Newt is “within striking distance” of Mitt Romney in South Carolina, Politico is reporting. Perry’s exit stage left and subsequent endorsement of the former speaker should give him some fuel heading into tonight’s debate. I imagine if Santorum, the newly declared Iowa winner, were to drop out and endorse Newt that he’d have a fighting chance of toppling Mitt Romney in Saturday’s primary.

Of course, the ABC interview with his former wife – the one he had a six-year affair on – won’t help.

She said when Gingrich admitted to a six-year affair with a Congressional aide, he asked her if she would share him with the other woman, Callista, who is now married to Gingrich.

“And I just stared at him and he said, ‘Callista doesn’t care what I do,’” Marianne Gingrich told ABC News. “He wanted an open marriage and I refused.”

Marianne described her “shock” at Gingrich’s behavior, including how she says she learned he conducted his affair with Callista “in my bedroom in ourapartment in Washington.”

“He always called me at night,” she recalled, “and always ended with ‘I love you.’ Well, she was listening.”

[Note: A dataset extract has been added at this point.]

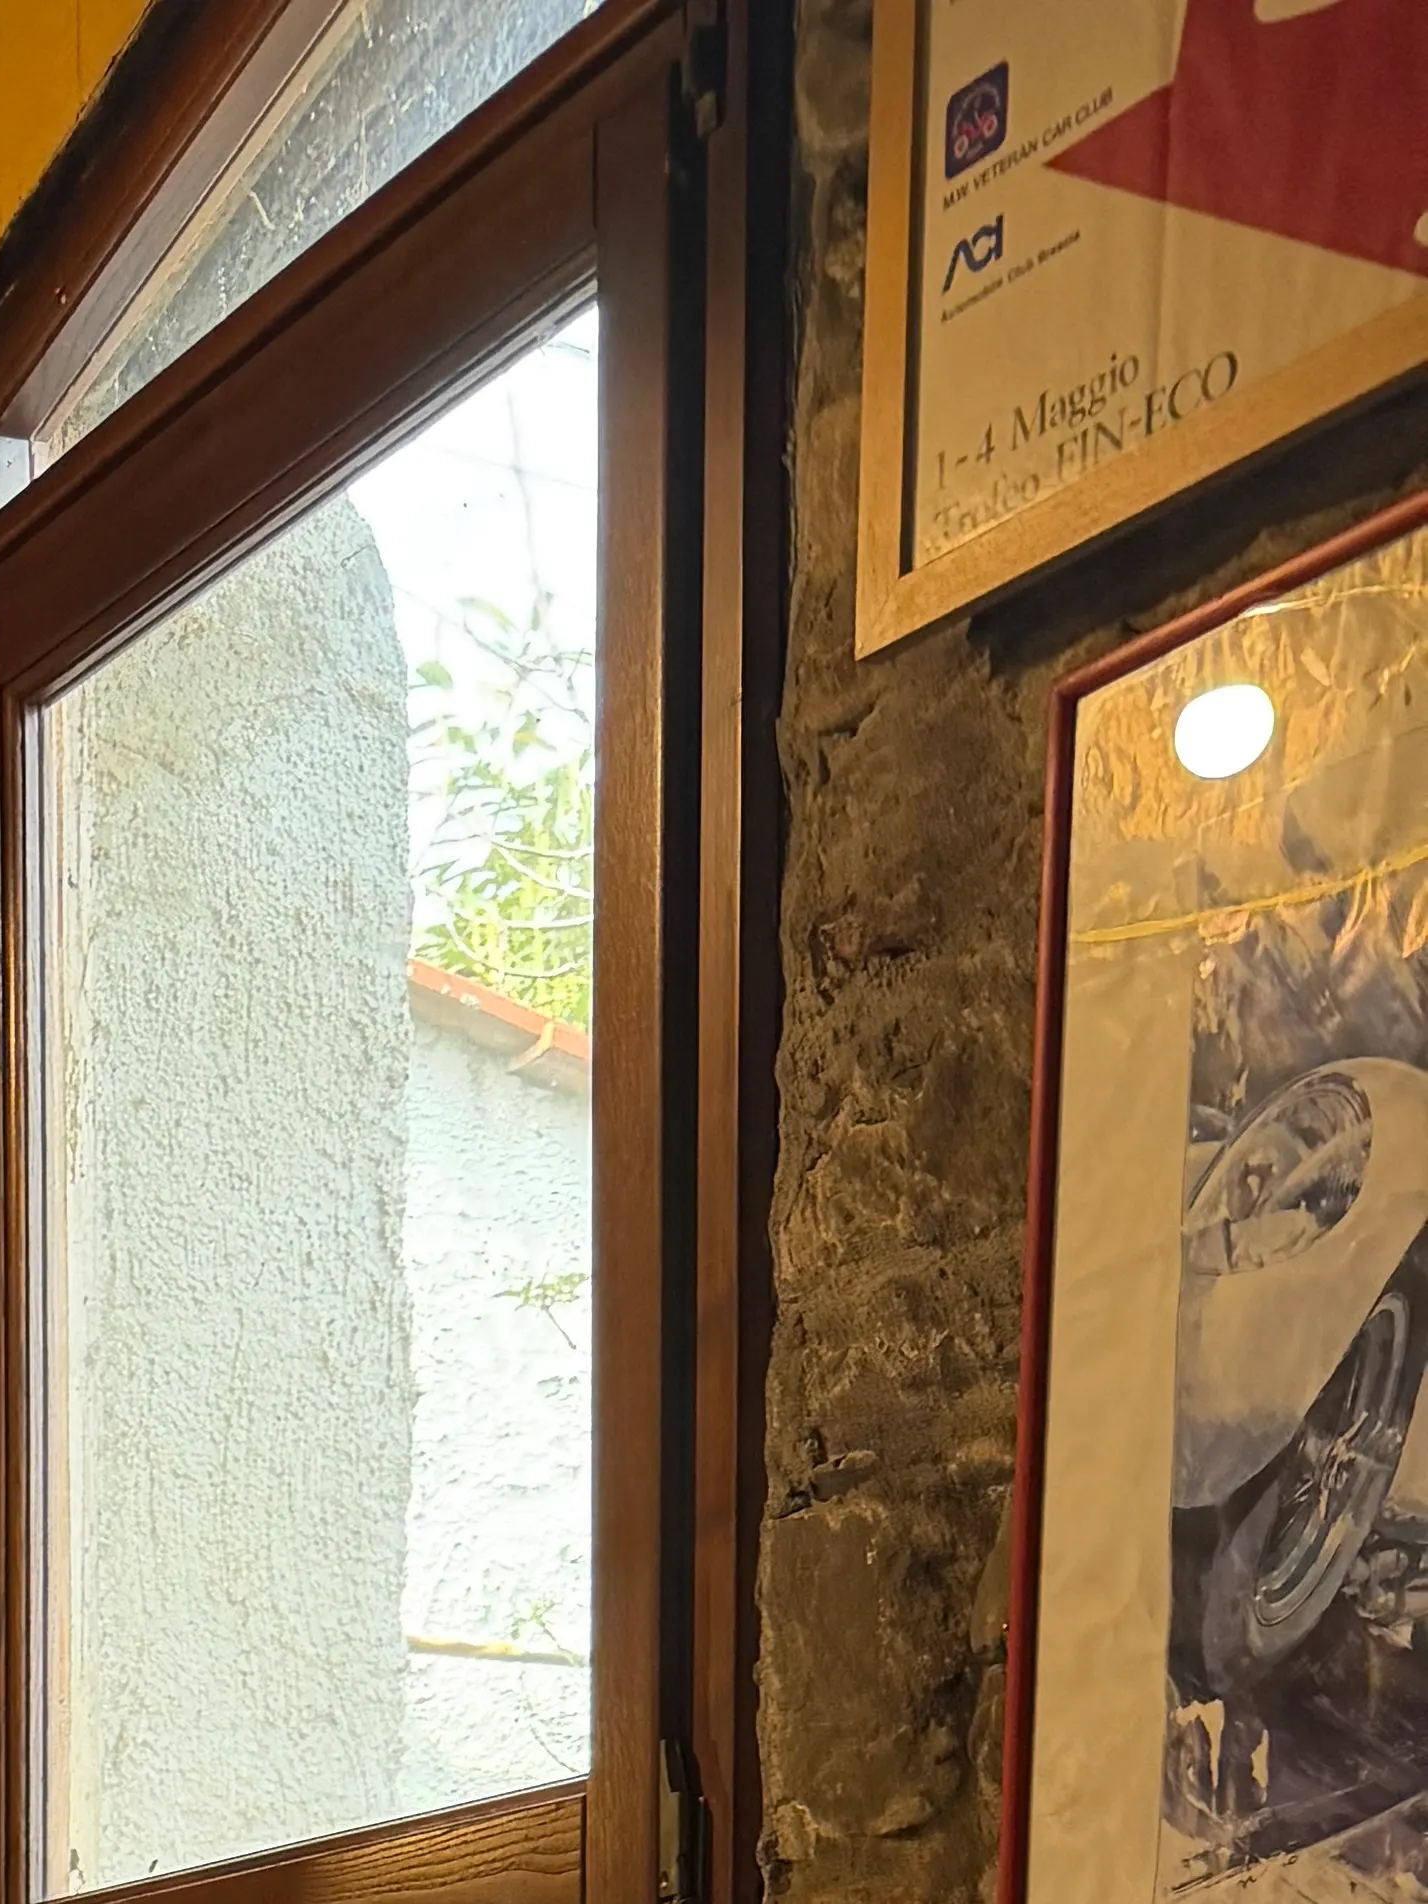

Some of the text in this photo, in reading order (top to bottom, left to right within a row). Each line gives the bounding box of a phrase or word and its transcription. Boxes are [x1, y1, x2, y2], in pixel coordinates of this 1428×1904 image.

Damning stuff, to be sure, but the words of a spurned lover are never given as much credence as they maybe ought to be. And this is old news. Gingrich may indeed be a moral failure, a man whose vanity obscured his many vows and promises. But we all already know this, and he is playing the reformed Christian now, insisting in his own personal regret and redemption. Perhaps it’s true.

All I know is that I hope he wounds Romney in this primary. I started this election off thinking Romney was a decent moderate – not in any way my own pick for president, but not particularly scary either. I no longer believe this. Romney, I’m quite certain now, has no soul. Gingrich may have made bad choices – his soul may be black in a few spots – but he has one. He’s a human being at the very least, warts and all. Romney is a machine at best, a blank slate willing to say and do anything to get elected.

I never thought I’d line up in Gingrich’s defense at all, but the man has more character than Mitt Romney which, I realize, isn’t saying much. At least I know there’s a mind and a person and a very, very big ego underneath Newt’s exterior. With Romney, I have a hard time seeing the man behind the mask.